### THE DATA ###

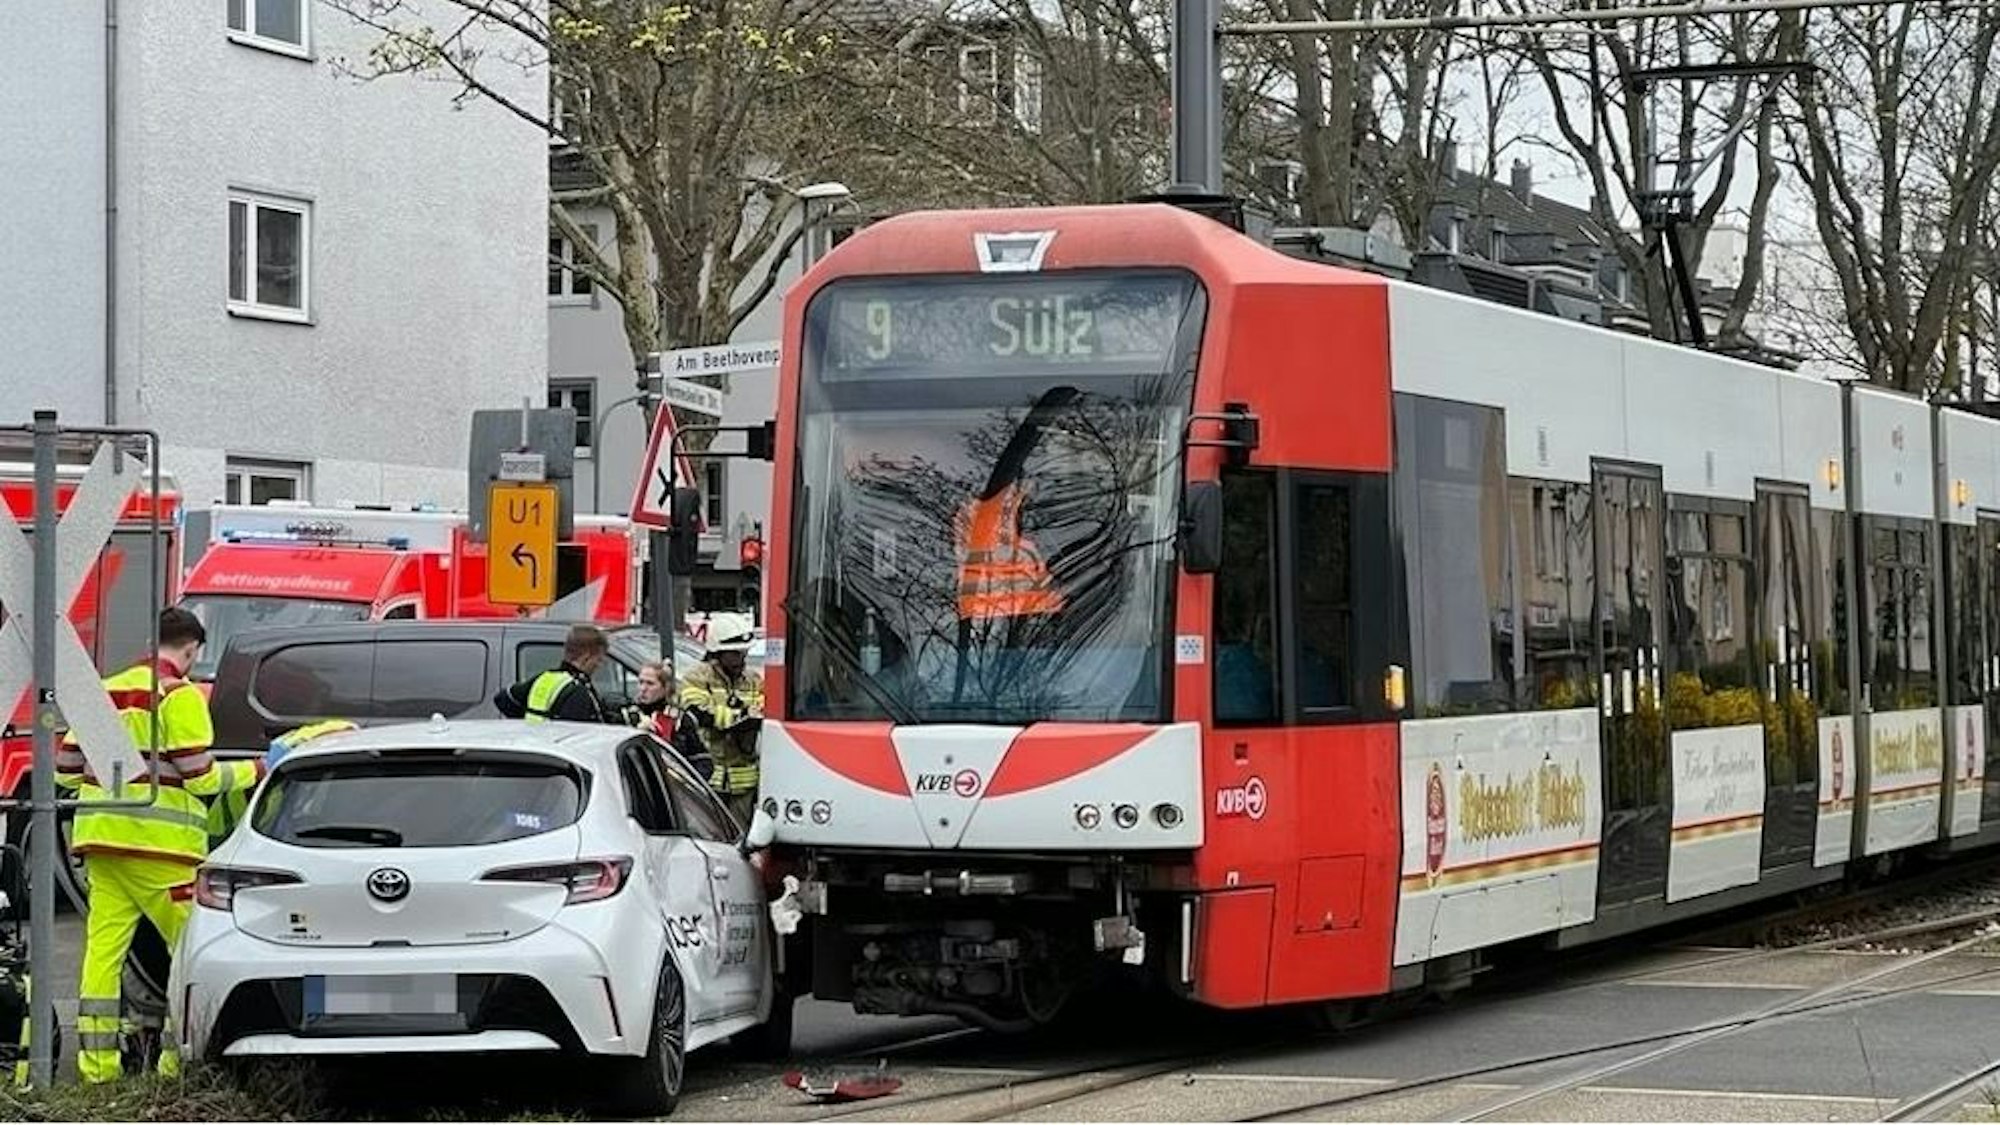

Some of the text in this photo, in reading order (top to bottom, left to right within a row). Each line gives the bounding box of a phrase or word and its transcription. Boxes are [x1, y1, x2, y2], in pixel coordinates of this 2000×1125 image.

[866, 295, 1093, 360] 9 Sülz
[676, 354, 697, 371] Am
[509, 499, 541, 527] U1
[209, 572, 353, 592] Rettungsdienst
[916, 774, 952, 791] KVB
[1216, 787, 1246, 815] KVB

###

*WORK TO COMPLETE*.
Retype the records exactly, but skip the pictures.

*COMPLETED EXERCISE*.
Some of the text in this photo, in reading order (top to bottom, left to right within a row). Each line gives the bounding box of a phrase or word and its transcription. Boxes are [x1, y1, x2, y2], in pixel coordinates of this 2000×1125 image.

[866, 295, 1093, 360] 9 Sülz
[676, 354, 697, 371] Am
[509, 499, 541, 527] U1
[209, 572, 353, 592] Rettungsdienst
[916, 774, 952, 791] KVB
[1216, 787, 1246, 815] KVB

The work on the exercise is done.